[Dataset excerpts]
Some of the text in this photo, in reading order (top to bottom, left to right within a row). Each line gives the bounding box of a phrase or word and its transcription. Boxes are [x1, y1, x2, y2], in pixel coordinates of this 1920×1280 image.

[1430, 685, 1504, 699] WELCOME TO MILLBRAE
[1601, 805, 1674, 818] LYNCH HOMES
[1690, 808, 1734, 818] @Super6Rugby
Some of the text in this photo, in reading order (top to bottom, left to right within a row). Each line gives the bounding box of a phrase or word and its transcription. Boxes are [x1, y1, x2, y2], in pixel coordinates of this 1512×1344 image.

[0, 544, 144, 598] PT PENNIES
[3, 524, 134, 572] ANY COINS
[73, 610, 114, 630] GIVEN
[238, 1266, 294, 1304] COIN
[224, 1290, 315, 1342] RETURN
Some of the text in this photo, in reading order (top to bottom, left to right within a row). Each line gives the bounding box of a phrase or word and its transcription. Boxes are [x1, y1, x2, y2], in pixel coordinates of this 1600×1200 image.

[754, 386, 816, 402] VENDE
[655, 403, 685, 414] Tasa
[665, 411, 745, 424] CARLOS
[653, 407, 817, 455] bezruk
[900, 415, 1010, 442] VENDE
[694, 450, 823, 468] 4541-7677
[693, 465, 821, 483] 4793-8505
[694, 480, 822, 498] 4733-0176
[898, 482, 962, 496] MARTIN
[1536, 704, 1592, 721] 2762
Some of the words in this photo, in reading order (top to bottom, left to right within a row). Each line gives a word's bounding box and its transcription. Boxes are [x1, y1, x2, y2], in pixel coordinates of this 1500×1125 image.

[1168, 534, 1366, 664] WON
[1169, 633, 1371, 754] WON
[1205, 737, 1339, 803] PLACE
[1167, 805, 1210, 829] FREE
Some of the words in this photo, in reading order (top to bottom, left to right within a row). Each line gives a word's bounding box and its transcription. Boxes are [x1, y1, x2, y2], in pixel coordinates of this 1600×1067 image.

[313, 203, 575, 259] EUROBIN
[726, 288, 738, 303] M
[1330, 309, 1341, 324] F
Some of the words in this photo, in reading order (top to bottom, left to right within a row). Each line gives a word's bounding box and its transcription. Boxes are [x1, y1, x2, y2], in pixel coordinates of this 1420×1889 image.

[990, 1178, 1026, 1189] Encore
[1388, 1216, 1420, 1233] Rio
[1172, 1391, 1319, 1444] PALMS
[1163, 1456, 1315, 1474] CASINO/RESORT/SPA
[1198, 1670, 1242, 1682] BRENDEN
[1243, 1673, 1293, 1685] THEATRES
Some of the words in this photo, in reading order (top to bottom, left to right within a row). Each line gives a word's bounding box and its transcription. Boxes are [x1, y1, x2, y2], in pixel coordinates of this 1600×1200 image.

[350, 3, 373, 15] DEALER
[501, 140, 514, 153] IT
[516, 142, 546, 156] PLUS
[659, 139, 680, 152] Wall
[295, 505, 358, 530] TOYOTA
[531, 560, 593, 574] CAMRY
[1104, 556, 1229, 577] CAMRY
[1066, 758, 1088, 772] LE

> **Your task**: Give back exactly the lines running from the line that has "this 1420×1889 image." to the end of the entries above.

> **Solution for this exercise**:
Some of the words in this photo, in reading order (top to bottom, left to right within a row). Each line gives a word's bounding box and its transcription. Boxes are [x1, y1, x2, y2], in pixel coordinates of this 1420×1889 image.

[990, 1178, 1026, 1189] Encore
[1388, 1216, 1420, 1233] Rio
[1172, 1391, 1319, 1444] PALMS
[1163, 1456, 1315, 1474] CASINO/RESORT/SPA
[1198, 1670, 1242, 1682] BRENDEN
[1243, 1673, 1293, 1685] THEATRES
Some of the words in this photo, in reading order (top to bottom, left to right within a row). Each line gives a word's bounding box and its transcription. Boxes are [x1, y1, x2, y2], in pixel coordinates of this 1600×1200 image.

[350, 3, 373, 15] DEALER
[501, 140, 514, 153] IT
[516, 142, 546, 156] PLUS
[659, 139, 680, 152] Wall
[295, 505, 358, 530] TOYOTA
[531, 560, 593, 574] CAMRY
[1104, 556, 1229, 577] CAMRY
[1066, 758, 1088, 772] LE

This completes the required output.